When kids are gaming with handheld devices, they can have the same trouble. They should bring their necks closer to neutral alignment. Instead of sitting in a chair, have them sit against the wall and bend their hips and knees, so their arms won’t get tired.
Icing the neck or taking anti-inflammatories can be helpful. Physical therapy and doing neck-strengthening exercises at home can also help.”
Rebecca Kurzon, MD, Ophthalmologist
“Dry eye can result from too much screen time because there is a decreased blink rate as a person stares intently at a screen. The solution is to take frequent breaks and to use lubricating drops if needed.
Eye strain is primarily related to people over 40 trying to read tiny screens on electronic devices without using reading glasses. This causes asthenopia, or eye strain, caused by uncorrected presbyopia (gradual loss of your eyes’ ability to focus on nearby objects) and can lead to headaches. The solution is simple: put on the readers.
Distraction related to electronic devices leads to eye injuries, caused by people falling or running into things while attempting to walk or even drive while staring at a screen. The solution is to sit down while operating all electronic devices.”
It’s also a good idea to follow the 20-20-20 rule. Every 20 minutes, take a break and look at something 20 feet away and rest your eyes for at least 20 seconds to help prevent eye strain.
Blackberry® Thumb Injuries
Joseph E. Robison, MD, Orthopedic Surgeon
“Phones are not ergonomic devices. They are either too big or too small for our hands and aren’t designed to be used for long periods of time. Frequent texters can develop what is called overuse syndrome of the thumbs, sometimes called BlackBerry® thumb, that’s a generalized inflammation of the tendons that drive the thumb. And that can be painful.

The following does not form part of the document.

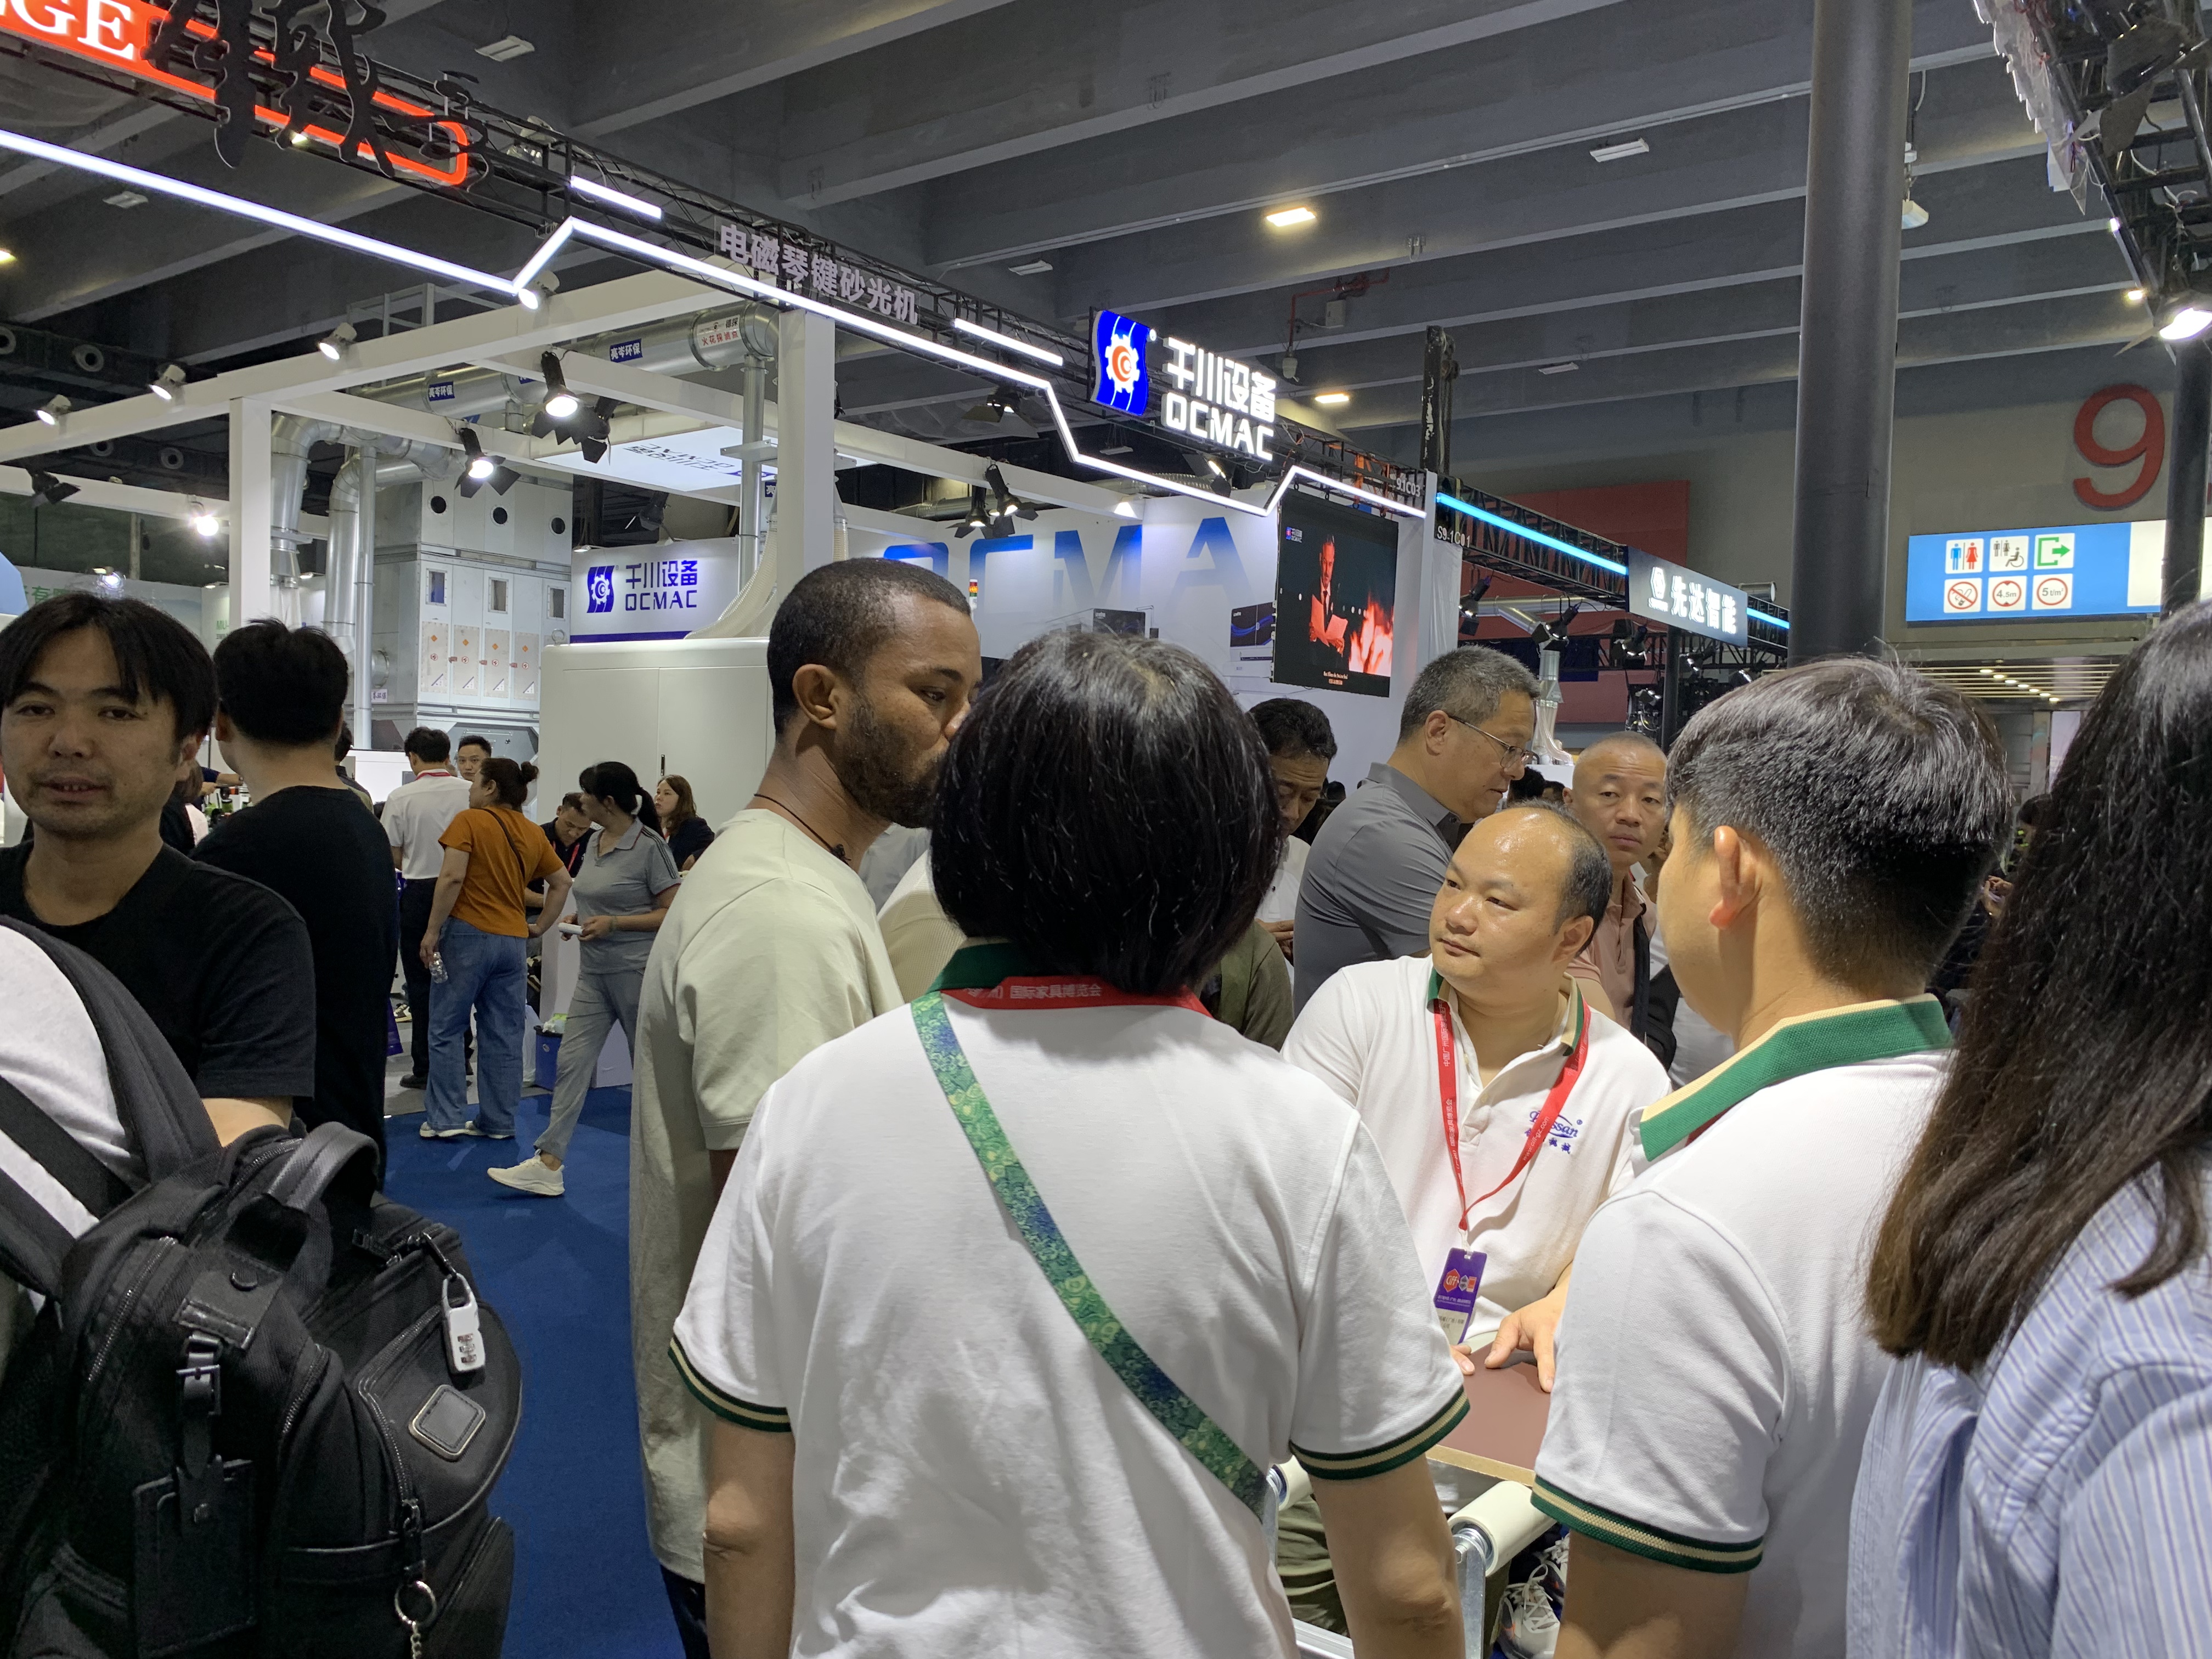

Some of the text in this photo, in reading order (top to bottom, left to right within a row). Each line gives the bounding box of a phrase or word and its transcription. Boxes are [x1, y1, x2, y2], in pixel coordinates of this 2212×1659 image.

Over a long period of time, the symptoms can become chronic. Even if you totally stop the activity, your body might be at a point where it cannot heal itself and the symptoms will continue.
Try using the voice-to-text feature for more extensive responsive to emails or long text messages, take anti-inflammatories and modify the use of the device. If you must text, whenever possible, type with the phone placed on a table and not when you’re holding it to lessen tension and stress. Your thumbs and fingers will thank you.”